» Task statement
Reproduce the entire listing exactly as written, apart from its pictures.

» Provided information
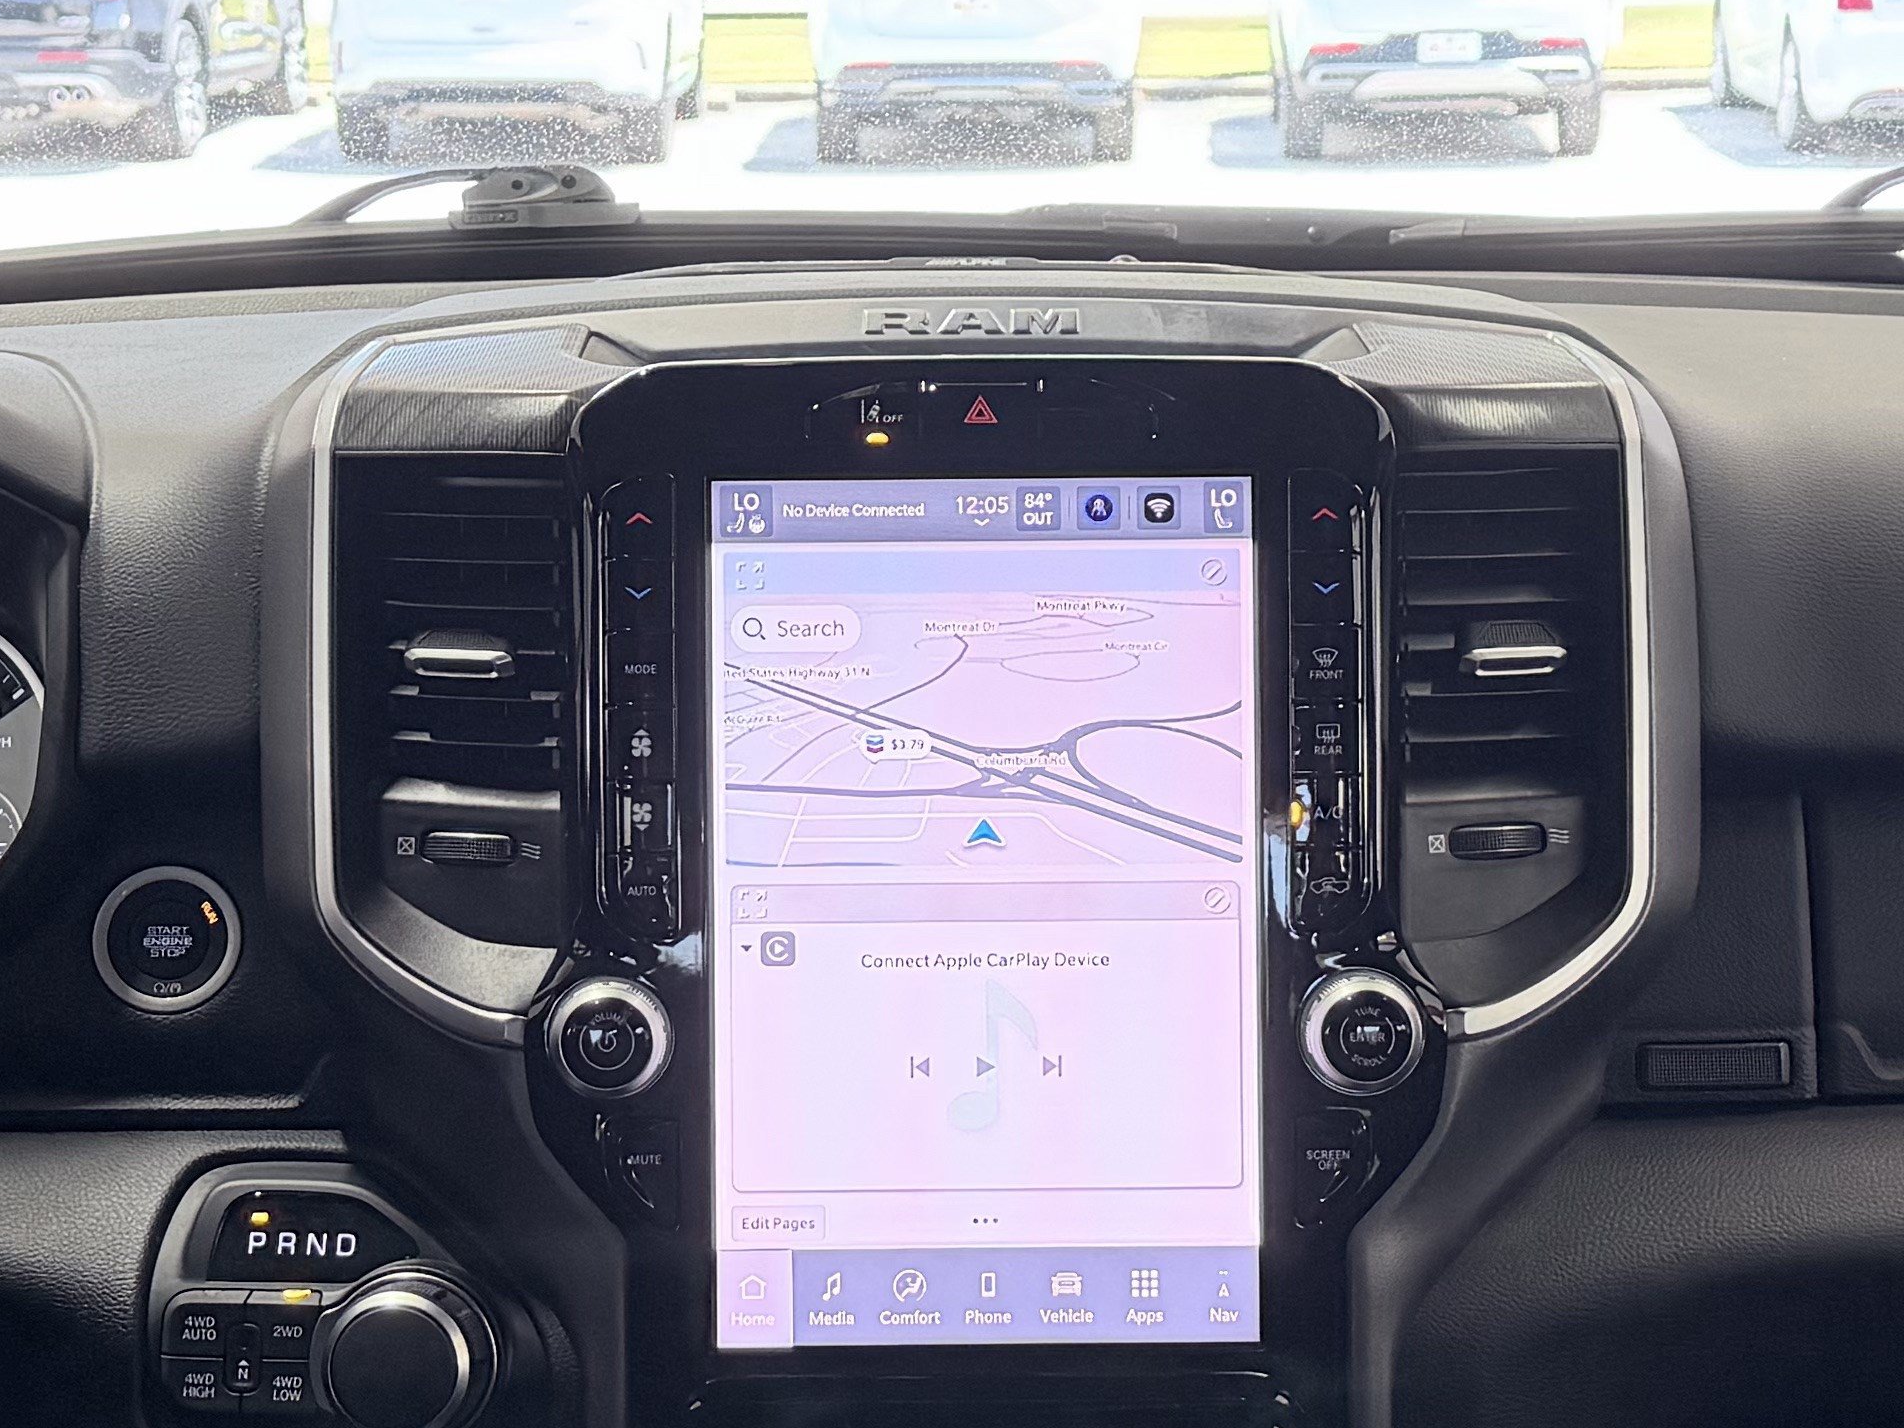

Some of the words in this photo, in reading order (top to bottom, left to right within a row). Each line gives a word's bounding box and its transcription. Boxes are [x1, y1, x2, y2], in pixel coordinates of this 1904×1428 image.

[861, 307, 1081, 335] RAM
[883, 413, 904, 424] OFF
[733, 491, 760, 512] LO
[1024, 492, 1054, 509] 84°
[1210, 488, 1238, 509] LO
[782, 502, 803, 518] No
[805, 502, 851, 518] Device
[853, 501, 926, 518] Connected
[955, 496, 1010, 516] 12:05
[1023, 511, 1055, 527] OUT
[777, 618, 846, 639] Search
[624, 664, 657, 675] MODE
[1309, 669, 1344, 680] FRONT
[1314, 745, 1343, 756] REAR
[1313, 805, 1343, 820] A/C
[627, 885, 657, 897] AUTO
[147, 926, 190, 935] START
[142, 937, 193, 947] ENGINE
[149, 948, 186, 958] STOP
[860, 951, 932, 970] Connect
[933, 951, 983, 972] Apple
[987, 951, 1050, 971] CarPlay
[1053, 950, 1111, 969] Device
[1353, 1006, 1381, 1019] TUNE
[1349, 1031, 1386, 1042] ENTER
[1351, 1053, 1387, 1068] SCROLL
[629, 1154, 662, 1166] MUTE
[1306, 1149, 1351, 1161] SCREEN
[1318, 1159, 1339, 1171] OFF
[741, 1215, 772, 1232] Edit
[773, 1216, 816, 1234] Pages
[731, 1311, 775, 1326] Home
[808, 1310, 855, 1326] Media
[879, 1309, 941, 1326] Comfort
[964, 1309, 1012, 1325] Phone
[1040, 1308, 1094, 1324] Vehicle
[1126, 1308, 1164, 1326] Apps
[1209, 1307, 1239, 1323] Nav
[184, 1316, 215, 1329] 4WD
[182, 1329, 217, 1341] AUTO
[272, 1325, 303, 1338] 2WD
[184, 1373, 215, 1385] 4WD
[237, 1367, 249, 1380] N
[272, 1376, 302, 1388] 4WD
[182, 1386, 215, 1399] HIGH
[272, 1389, 302, 1402] LOW
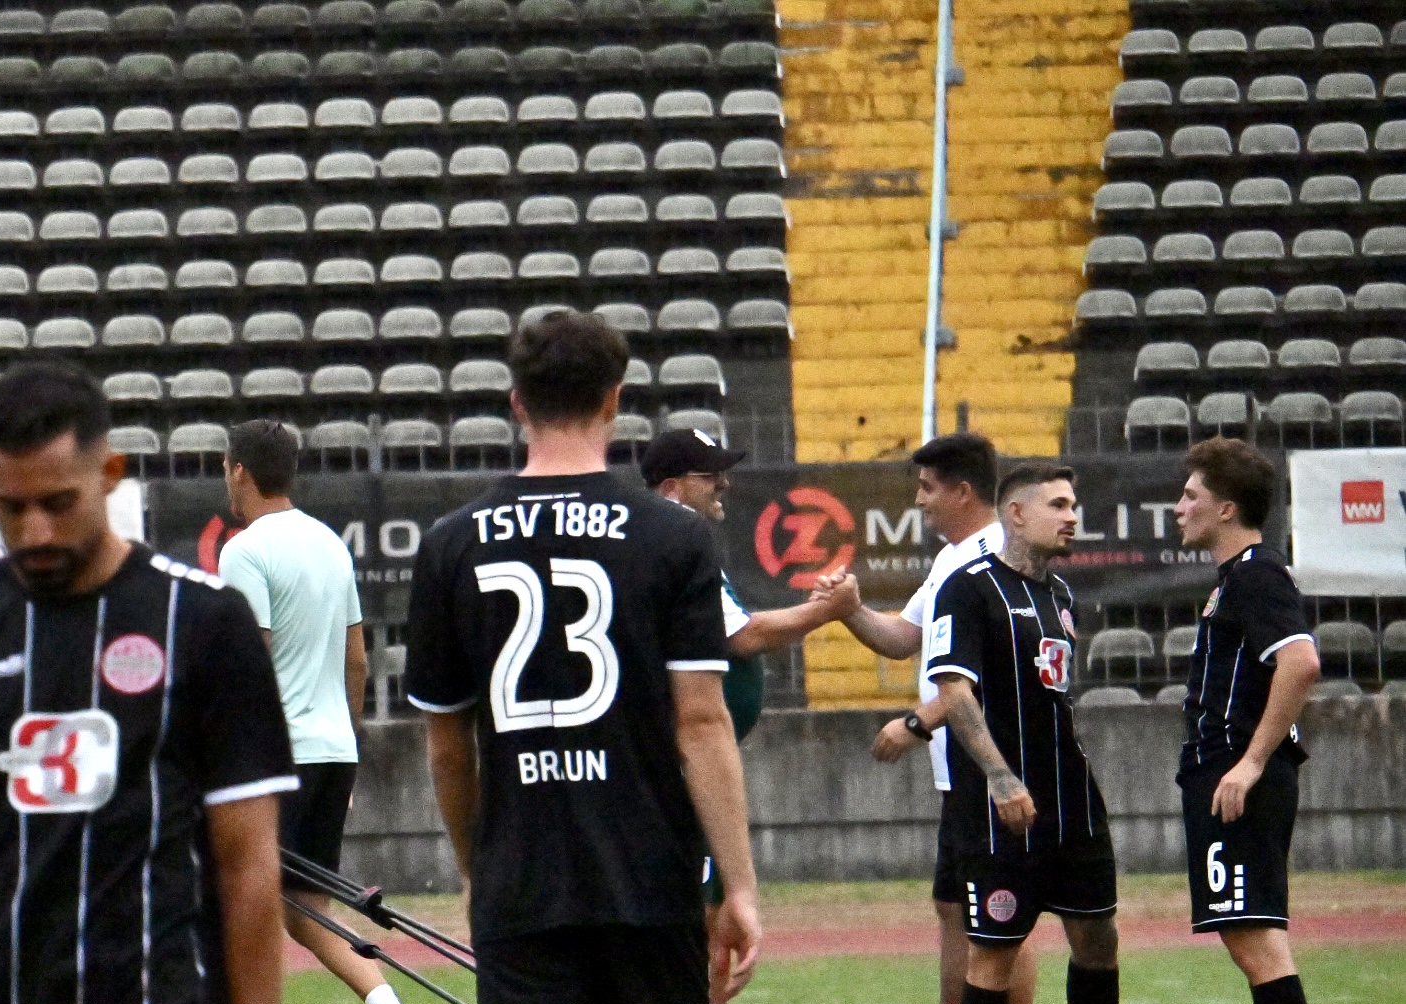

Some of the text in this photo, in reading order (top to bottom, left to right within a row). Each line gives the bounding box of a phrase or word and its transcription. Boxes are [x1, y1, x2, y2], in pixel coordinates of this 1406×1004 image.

» Worked solution
Some of the words in this photo, in reading order (top to bottom, left to right within a row). Each line gives a word's bounding box and its transcription. Boxes are [x1, y1, x2, y2], in pixel coordinates of this 1904×1428 image.

[861, 307, 1081, 335] RAM
[883, 413, 904, 424] OFF
[733, 491, 760, 512] LO
[1024, 492, 1054, 509] 84°
[1210, 488, 1238, 509] LO
[782, 502, 803, 518] No
[805, 502, 851, 518] Device
[853, 501, 926, 518] Connected
[955, 496, 1010, 516] 12:05
[1023, 511, 1055, 527] OUT
[777, 618, 846, 639] Search
[624, 664, 657, 675] MODE
[1309, 669, 1344, 680] FRONT
[1314, 745, 1343, 756] REAR
[1313, 805, 1343, 820] A/C
[627, 885, 657, 897] AUTO
[147, 926, 190, 935] START
[142, 937, 193, 947] ENGINE
[149, 948, 186, 958] STOP
[860, 951, 932, 970] Connect
[933, 951, 983, 972] Apple
[987, 951, 1050, 971] CarPlay
[1053, 950, 1111, 969] Device
[1353, 1006, 1381, 1019] TUNE
[1349, 1031, 1386, 1042] ENTER
[1351, 1053, 1387, 1068] SCROLL
[629, 1154, 662, 1166] MUTE
[1306, 1149, 1351, 1161] SCREEN
[1318, 1159, 1339, 1171] OFF
[741, 1215, 772, 1232] Edit
[773, 1216, 816, 1234] Pages
[731, 1311, 775, 1326] Home
[808, 1310, 855, 1326] Media
[879, 1309, 941, 1326] Comfort
[964, 1309, 1012, 1325] Phone
[1040, 1308, 1094, 1324] Vehicle
[1126, 1308, 1164, 1326] Apps
[1209, 1307, 1239, 1323] Nav
[184, 1316, 215, 1329] 4WD
[182, 1329, 217, 1341] AUTO
[272, 1325, 303, 1338] 2WD
[184, 1373, 215, 1385] 4WD
[237, 1367, 249, 1380] N
[272, 1376, 302, 1388] 4WD
[182, 1386, 215, 1399] HIGH
[272, 1389, 302, 1402] LOW

Some of the text in this photo, in reading order (top to bottom, left to right within a row). Each line gives the bounding box of a phrase or word and its transcription. Boxes are [x1, y1, x2, y2], in pixel coordinates of this 1406×1004 image.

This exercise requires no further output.